**WHAT IS REQUIRED**
Each record below is to be copied word for word, with pictures removed.
↓↓↓
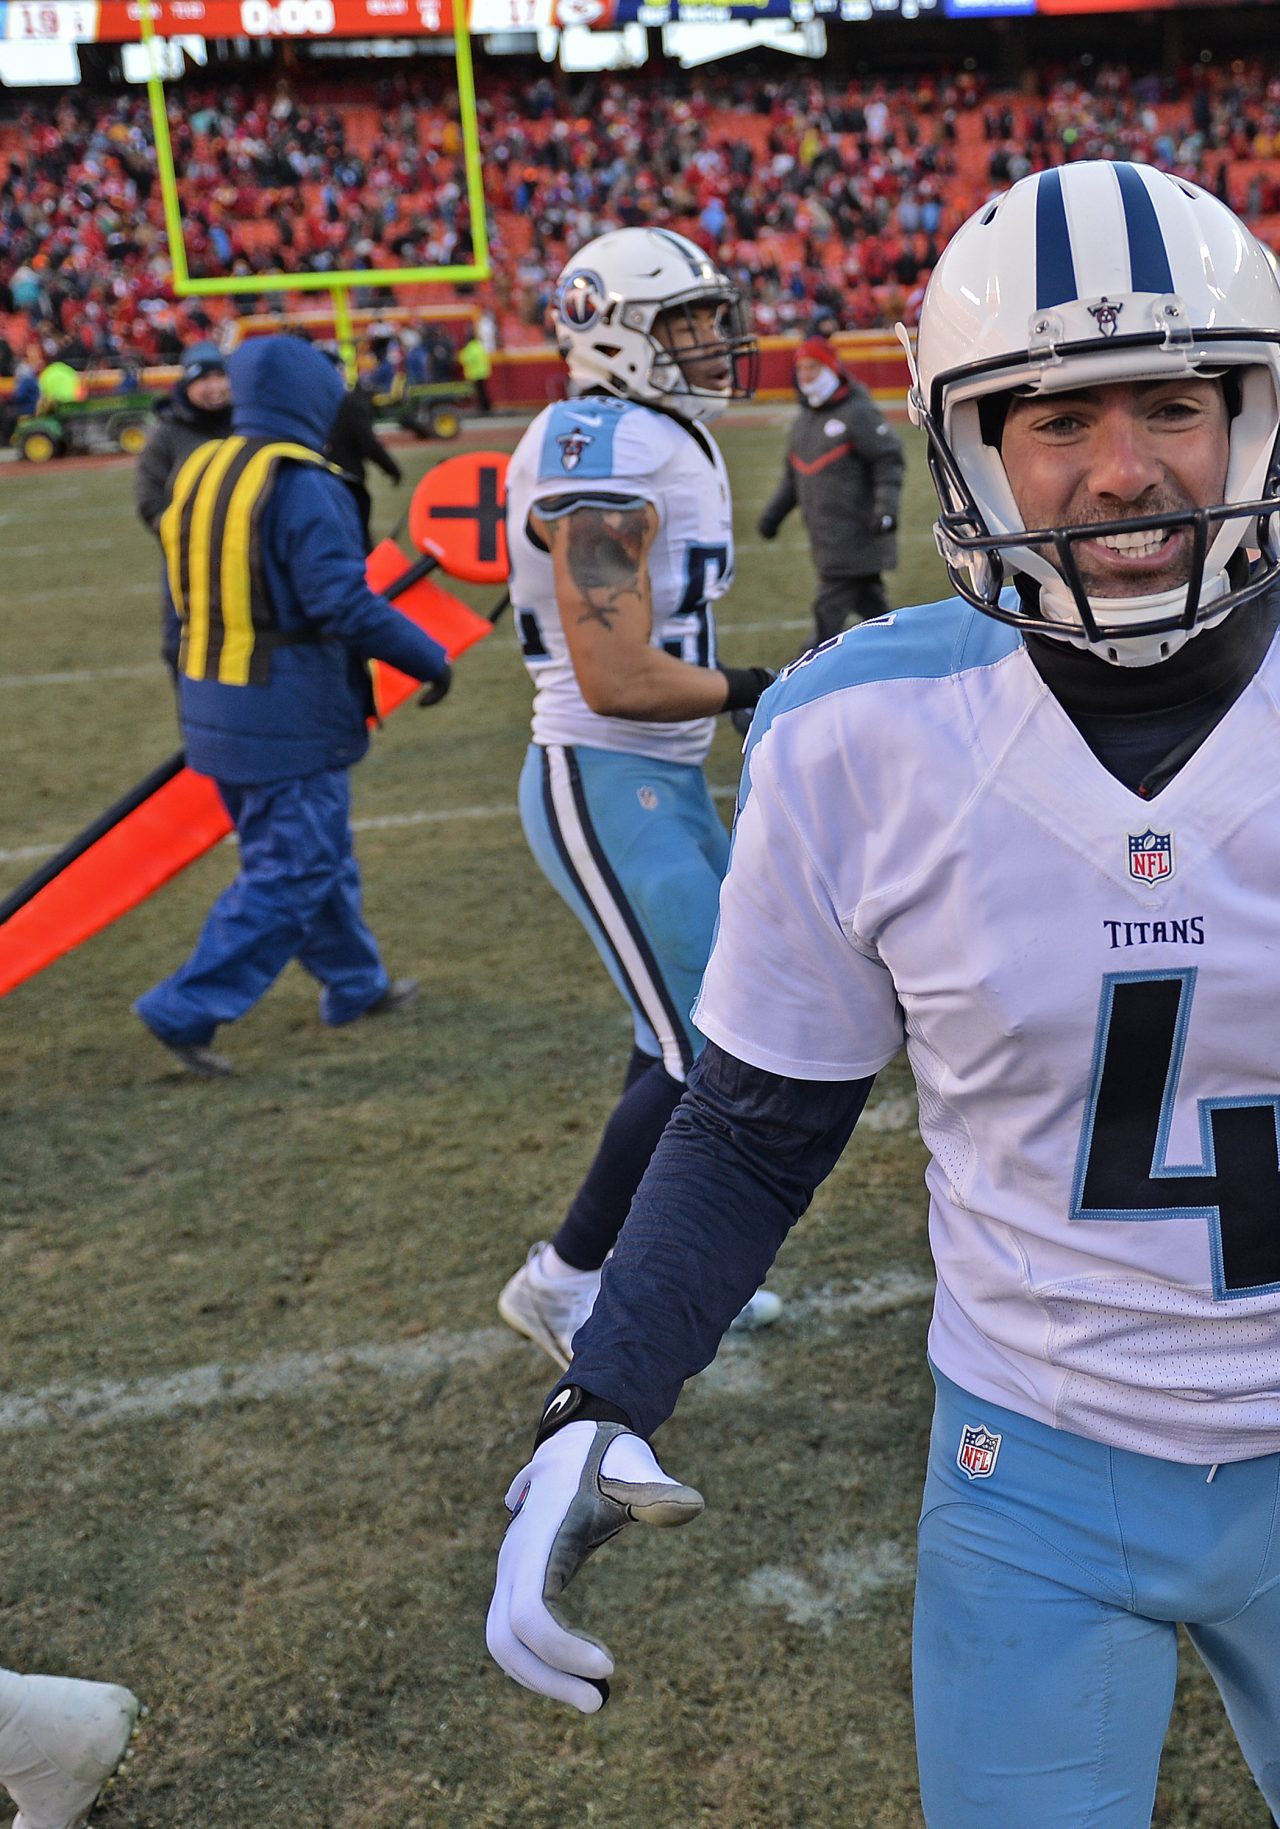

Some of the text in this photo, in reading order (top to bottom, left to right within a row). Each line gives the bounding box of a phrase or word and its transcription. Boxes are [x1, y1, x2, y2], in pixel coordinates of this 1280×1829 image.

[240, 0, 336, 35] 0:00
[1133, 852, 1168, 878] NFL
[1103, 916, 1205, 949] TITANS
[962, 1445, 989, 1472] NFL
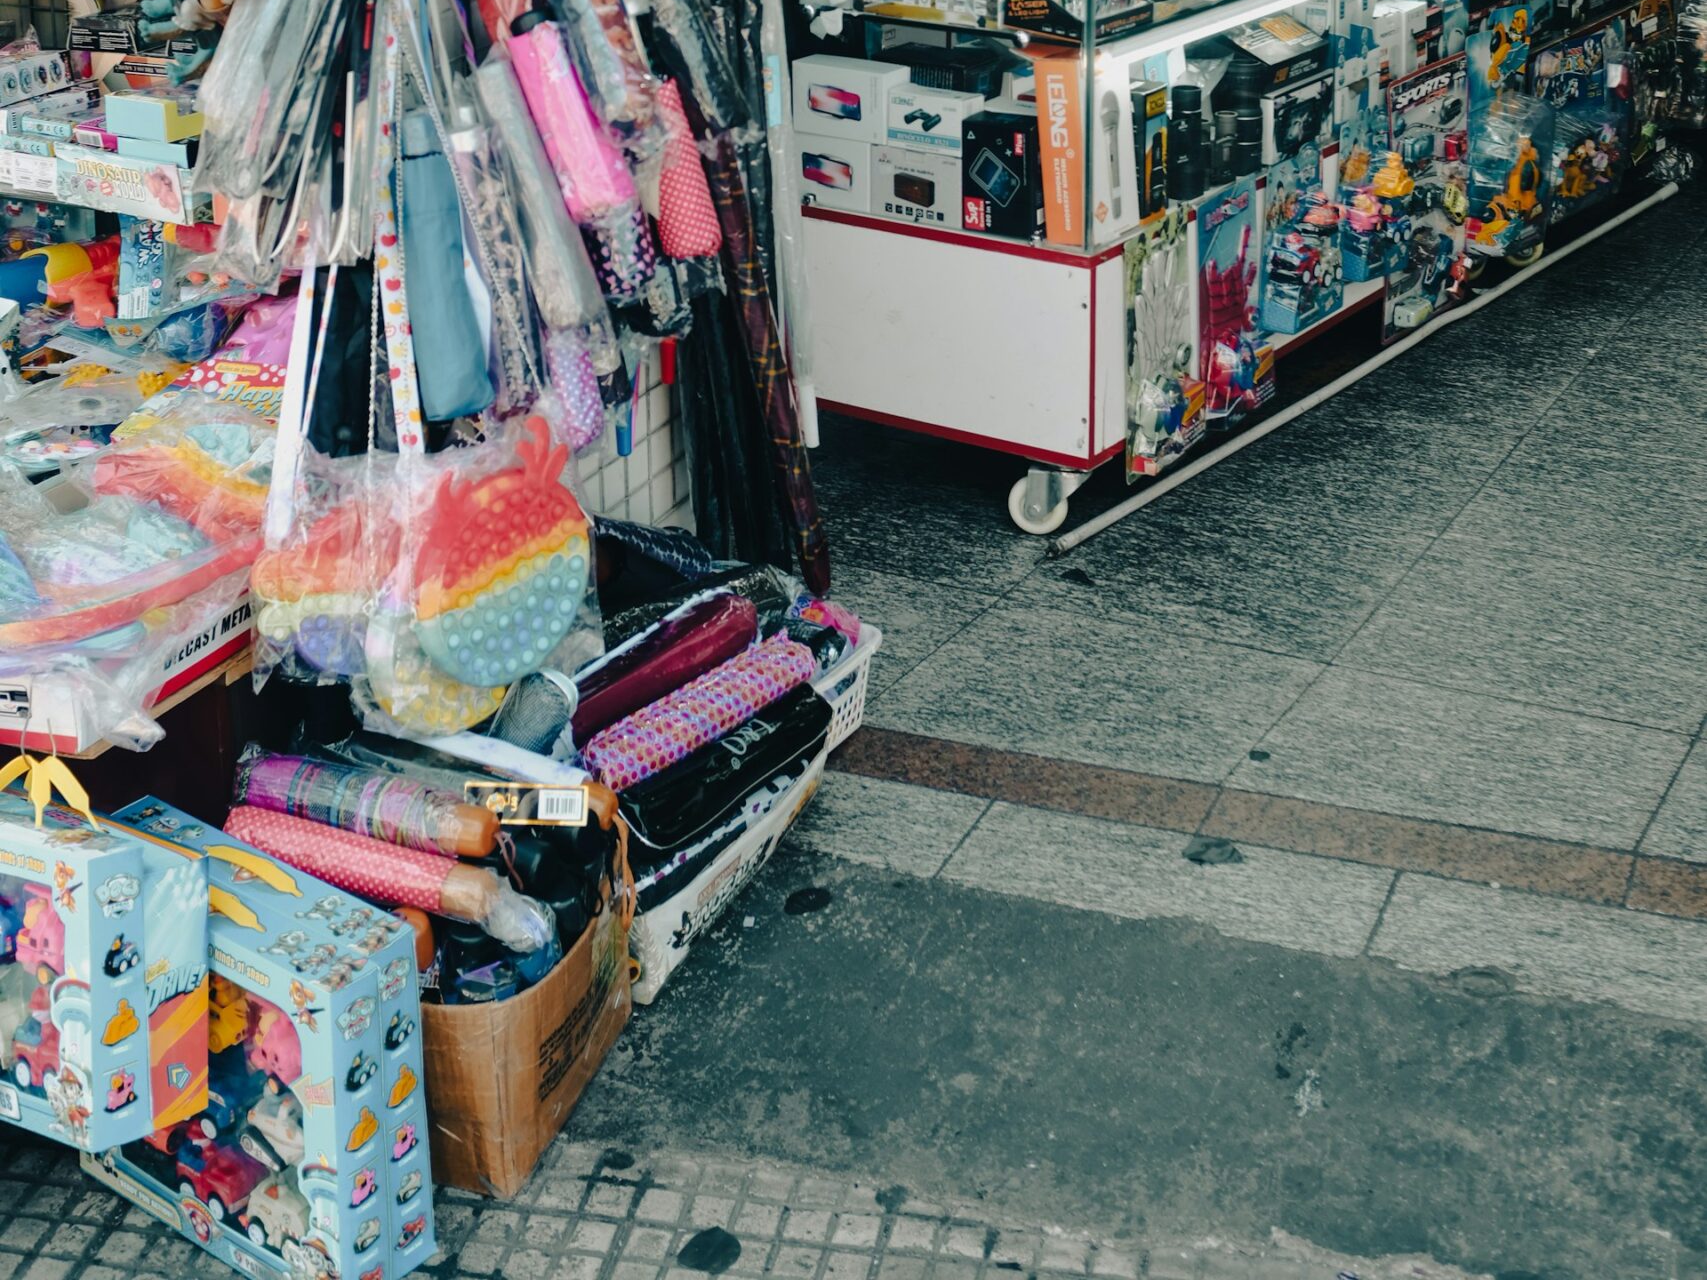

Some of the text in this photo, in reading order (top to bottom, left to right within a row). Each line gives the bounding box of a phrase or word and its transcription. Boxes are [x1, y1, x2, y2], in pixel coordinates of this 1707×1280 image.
↑↑↑
**REPLY**
Some of the text in this photo, in reading order (top to bottom, left to right within a row). Each line gives the bounding box of a phrase or word and its transcription. Boxes are [x1, y1, x2, y2], in pixel coordinates of this 1280×1829 image.

[240, 0, 336, 35] 0:00
[1133, 852, 1168, 878] NFL
[1103, 916, 1205, 949] TITANS
[962, 1445, 989, 1472] NFL

Some of the text in this photo, in reading order (top to bottom, left to right within a row). Each line gives the bounding box of a phrase or word and its transcription. Boxes are [x1, y1, x2, y2], in pixel coordinates of this 1707×1280 image.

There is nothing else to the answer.